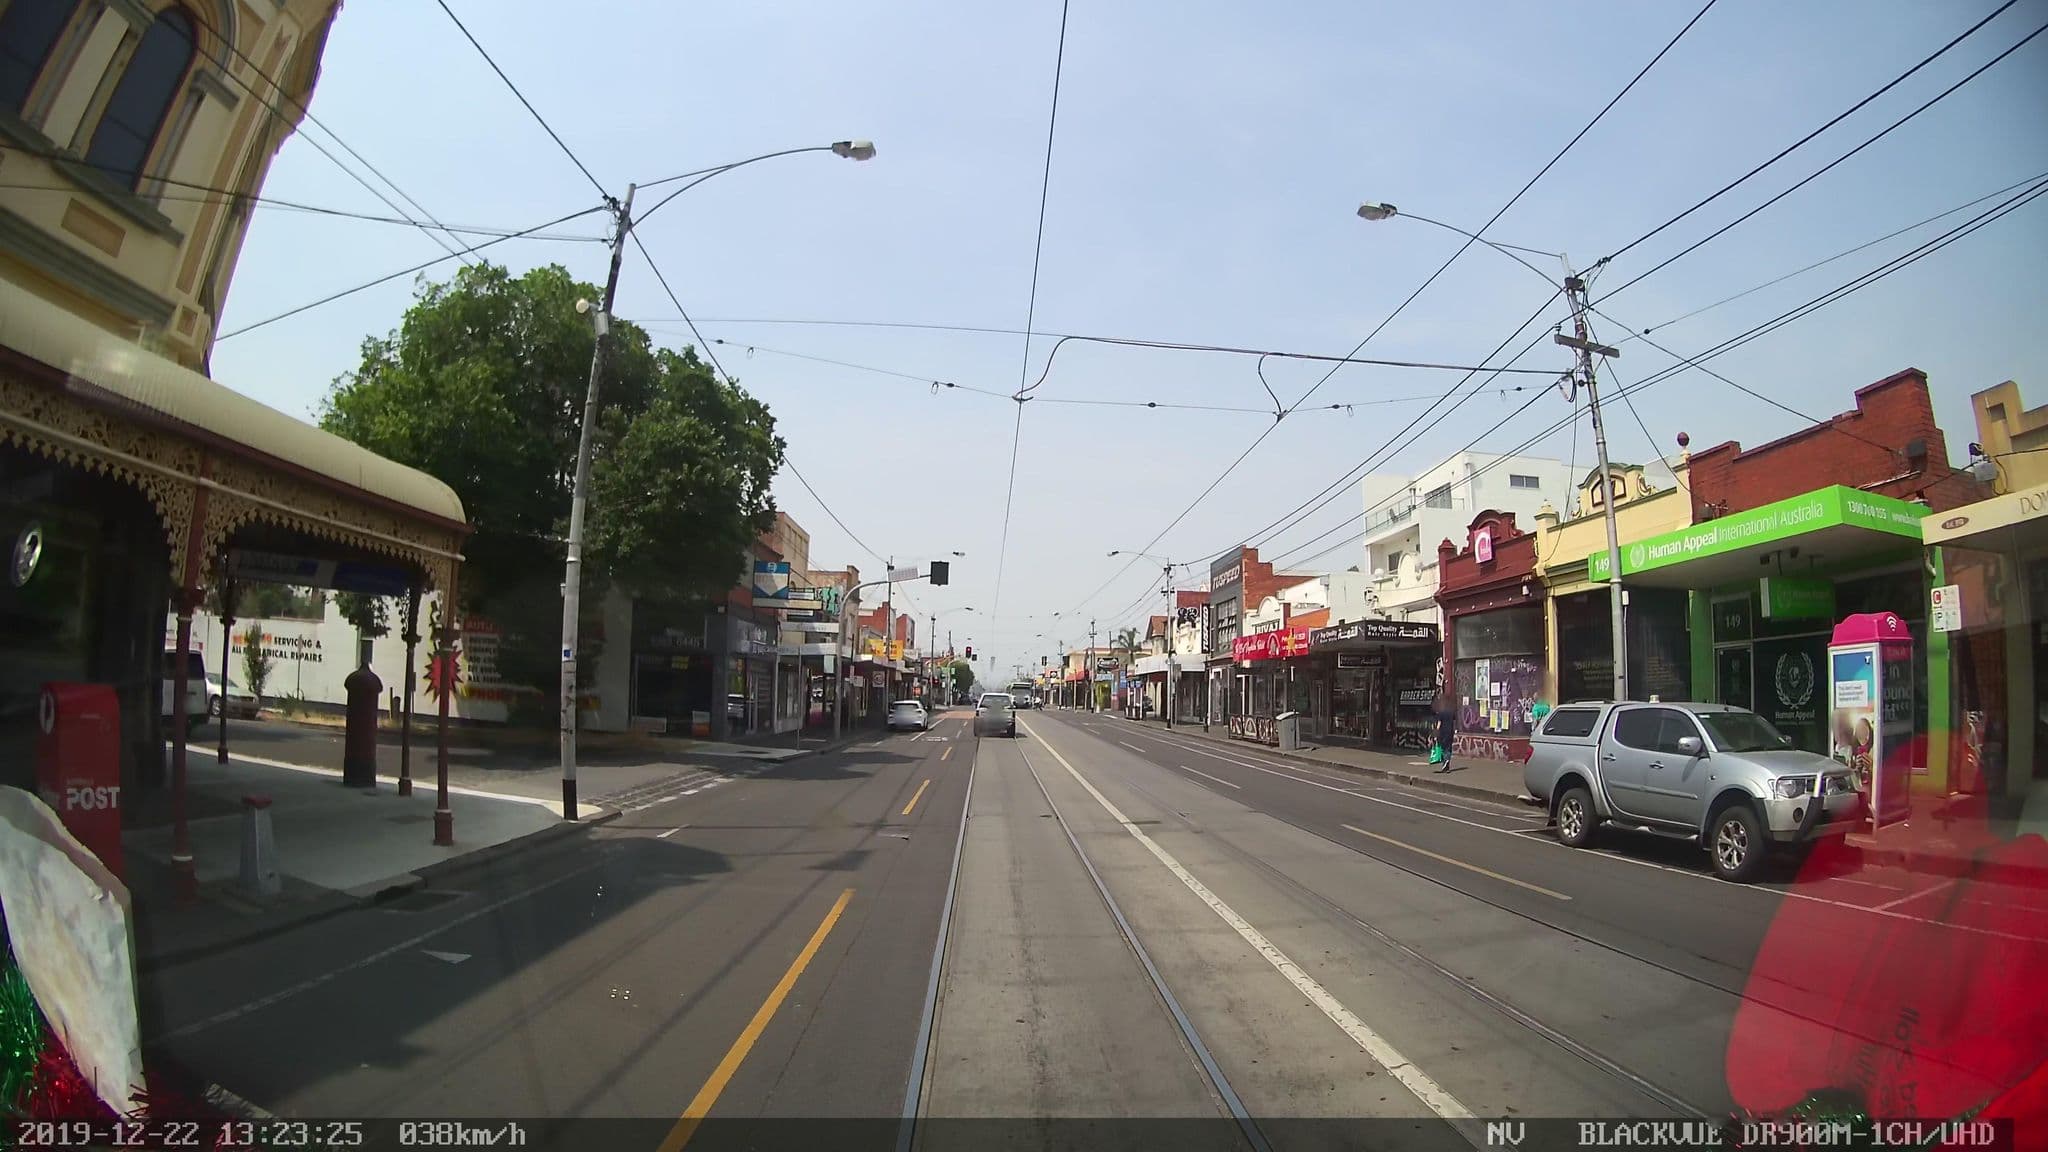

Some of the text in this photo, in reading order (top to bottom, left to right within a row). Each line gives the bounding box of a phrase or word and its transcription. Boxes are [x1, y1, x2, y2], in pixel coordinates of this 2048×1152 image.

[1875, 507, 1887, 520] 155
[1648, 500, 1825, 560] Human Appeal International Australia
[1595, 557, 1611, 574] 149
[1367, 624, 1397, 633] Top Quality
[1725, 615, 1741, 629] 149
[273, 636, 313, 649] SERVICNG
[315, 640, 322, 649] &
[1775, 709, 1815, 721] Human Appeal
[66, 786, 121, 811] POST

★ ★ ★ ★

**YOUR INSTRUCTIONS:** Copy the records exactly. Skip the pictures.

**EXERCISE RESPONSE:**
Some of the text in this photo, in reading order (top to bottom, left to right within a row). Each line gives the bounding box of a phrase or word and its transcription. Boxes are [x1, y1, x2, y2], in pixel coordinates of this 2048×1152 image.

[1875, 507, 1887, 520] 155
[1648, 500, 1825, 560] Human Appeal International Australia
[1595, 557, 1611, 574] 149
[1367, 624, 1397, 633] Top Quality
[1725, 615, 1741, 629] 149
[273, 636, 313, 649] SERVICNG
[315, 640, 322, 649] &
[1775, 709, 1815, 721] Human Appeal
[66, 786, 121, 811] POST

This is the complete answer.